Paper ID: 2411.00876
Resilience to the Flowing Unknown: an Open Set Recognition Framework for Data Streams
Marcos Barcina-Blanco, Jesus L. Lobo, Pablo Garcia-Bringas, Javier Del Ser
Modern digital applications extensively integrate Artificial Intelligence models into their core systems, offering significant advantages for automated decision-making. However, these AI-based systems encounter reliability and safety challenges when handling continuously generated data streams in complex and dynamic scenarios. This work explores the concept of resilient AI systems, which must operate in the face of unexpected events, including instances that belong to patterns that have not been seen during the training process. This is an issue that regular closed-set classifiers commonly encounter in streaming scenarios, as they are designed to compulsory classify any new observation into one of the training patterns (i.e., the so-called \textit{over-occupied space} problem). In batch learning, the Open Set Recognition research area has consistently confronted this issue by requiring models to robustly uphold their classification performance when processing query instances from unknown patterns. In this context, this work investigates the application of an Open Set Recognition framework that combines classification and clustering to address the \textit{over-occupied space} problem in streaming scenarios.
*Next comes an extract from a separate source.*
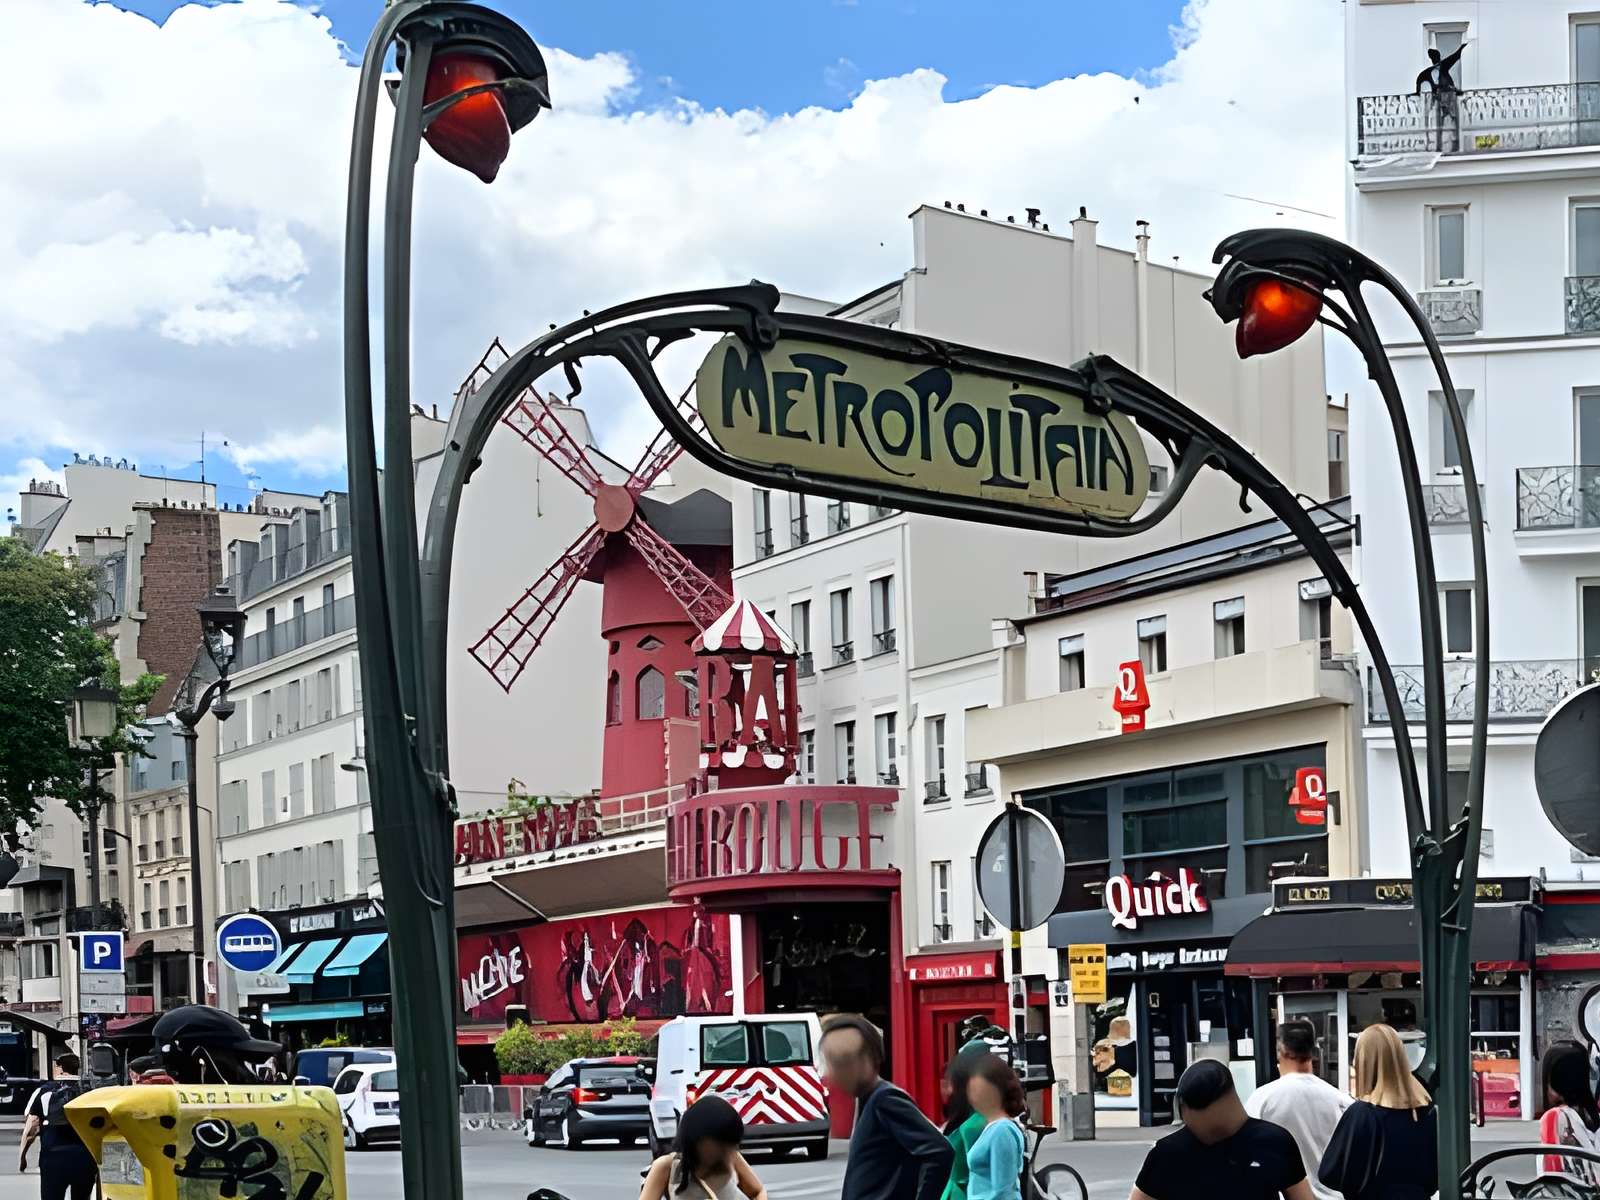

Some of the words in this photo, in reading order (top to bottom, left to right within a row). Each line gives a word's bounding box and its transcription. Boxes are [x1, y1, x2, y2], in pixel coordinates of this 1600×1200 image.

Specifically, we systematically devise a benchmark comprising different classification datasets with varying ratios of known to unknown classes. Experiments are presented on this benchmark to compare the performance of the proposed hybrid framework with that of individual incremental classifiers. Discussions held over the obtained results highlight situations where the proposed framework performs best, and delineate the limitations and hurdles encountered by incremental classifiers in effectively resolving the challenges posed by open-world streaming environments.
Submitted: Oct 31, 2024